The speed depends on where you are, what you are seeking, your nationality, and, the management of the specific office you are working with. I am a US citizen and my wife dual EU/US. It took her three days and me three months. Every time we returned to the main office in Huesca we dealt with another person who would always ask for something additional that the previous person did not ask for. What may be considered professional incompetence in one place can be status quo in another. Also, when in the US a number of years ago we were informed that we needed special paperwork to bring in personal effects and not pay VAT on them. We called every Spanish consulate in the US and none had access to the required paperwork. Yet, after arrival here, we were able to obtain the required customs waiver through the US consulate in Barcelona. Sometimes one hand really doesn't know what the other is doing. This is not specific to just Spain however.


----------



## mrypg9 (Apr 26, 2008)

Elyles said:


> The speed depends on where you are, what you are seeking, your nationality, and, the management of the specific office you are working with.. This is not specific to just Spain however.


Very true. It took us about an hour, in Estepona. Nice waiting room, friendly officials.
Cost ten euros.
Had to pay an agency a lot of money to get residency in Prague, something that is free but in practice requires a 'sweetener' to the clerk if you want it before you're in line for a Death Certificate.


----------



## baldilocks (Mar 7, 2010)

mrypg9 said:


> Very true. It took us about an hour, in Estepona. Nice waiting room, friendly officials.
> Cost ten euros.


Same for us in Jaén eight years ago except that the waiting area wasn't brilliant (just chairs in a corridor).


----------



## mrypg9 (Apr 26, 2008)

baldilocks said:


> Same for us in Jaén eight years ago except that the waiting area wasn't brilliant (just chairs in a corridor).


There were comfortable chairs, potted plants, newspapers...and a large framed photo of the King, standard issue, I suppose.


----------



## GeoffP2 (Jun 3, 2015)

Very much the same for us in Pretoria, South Africa.

Phoned, told what to bring, 15 minutes, paid and all done!
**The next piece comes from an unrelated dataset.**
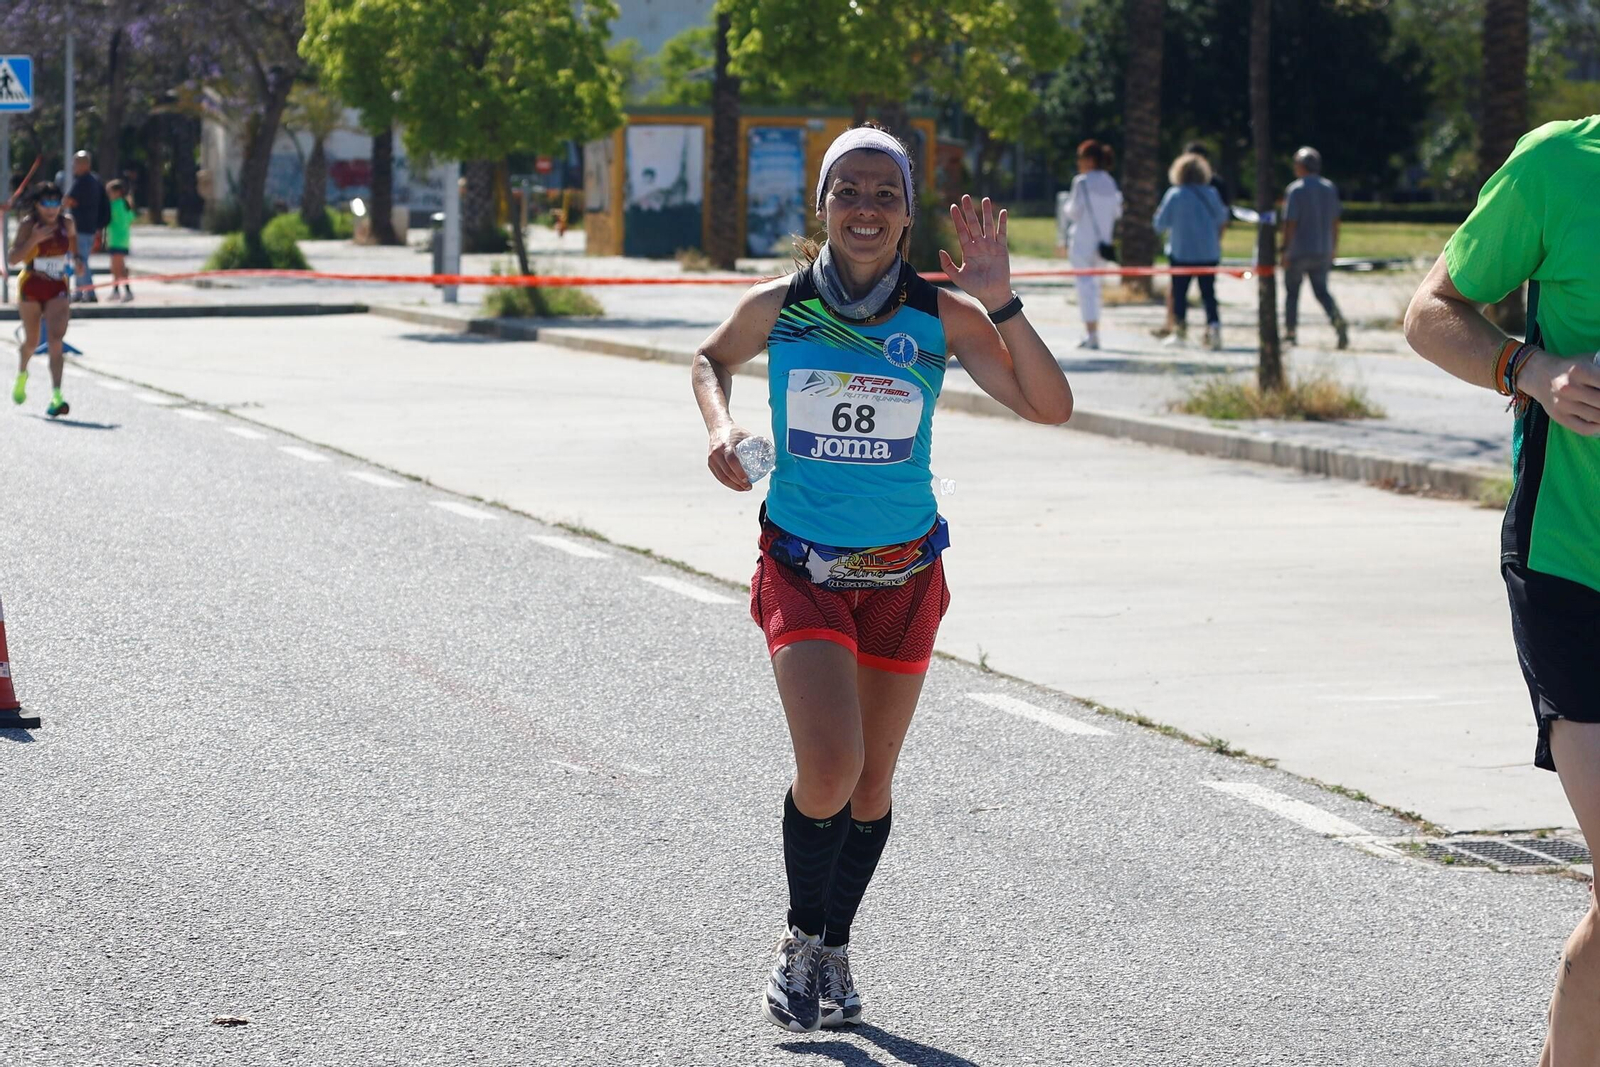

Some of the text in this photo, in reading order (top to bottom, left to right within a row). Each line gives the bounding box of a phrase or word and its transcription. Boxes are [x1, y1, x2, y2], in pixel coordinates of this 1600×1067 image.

[852, 376, 893, 387] RFEA
[848, 385, 910, 397] ATLETISMO
[832, 403, 875, 433] 68
Best experience of any of the embassies of all those I've been to in Africa.

Regards
Geoff Pethick
Johannesburg


----------



## Lorraine Barton (Nov 2, 2015)

I found the process very easy with in Estepona, although I did have a spanish friend with me to assist where my spanish failed me. 

However, we arrived half hour early for our appointment and just settled down to wait to be called. After having waited the half hour my friend spoke to a lady waiting in the queue who appeared to be representing a large family and this is when we found out that the payment for the NIE number should have already been made at the bank!! What followed was a frantic race around town to find a bank who would take the payment...not all will...depended on the time of day...i.e. one only took payments between 10 - 2.00 on Thurs mornings but his was a Friday haha We got to the third bank and my friend asked an employee in the bank if they would take this payment to which they confirmed they would. However, it appeared to be pension day and there were several clients before us. We eventually paid and rushed back to the police station and fortunately, our names hadn't been called as the lady with the large family were just finishing their appointment so all was well. The only other thing to know, is that when they ask for a photocopy of your passport it was the first page that they wanted and not the photo page??? I have never provided that page before so we didn't have it with us but the guy processing our application couldn't have been more helpful and he used their very old and a bit knackered photocopier for the copies.

Lesson learned, ALWAYS ask when payment is expected or how...i.e. there have been a few occasions that we have had to pay at the bank first for applications. we were very lucky that day as had I missed our appointment there was no others available in Estepona until January, or so I was told ;-)

I hope this saves others from falling into the same situation.

Lorraine


----------



## bigdrunk (Aug 12, 2014)

Impossible in La Linea, my wife went to the office in Chiclana yesterday and had it all done in about an hour.


----------



## chrisnation (Mar 2, 2009)

peedee said:


> So having enquired of the spanish embassy in the UK some months ago regarding getting an NIE and being told not here you can't when we found a property to buy a few weeks ago we explained this to our spanish lawyer. So she said to give her a limited PoA to get the NIE for us.
> Back in the UK I emailed the form to the Spanish Consulate and within an hour had a phone call saying just come to the consulate in London and they'll sort it - no appointment necessary and anyway it will be a lot cheaper.
> 
> OK, so I've read the posts about Spanish bureaucracy so we set off on Tuesday of last week with two copies of the completed form and the Modulo form downloaded from the consulate website plus a flask of coffee and sandwiches quite prepares to be told no, that's wrong, come back in a couple of weeks.
> ...


Excellent result. 1] Did you do ltd P.o.A. when in her office or by email/letters from UK?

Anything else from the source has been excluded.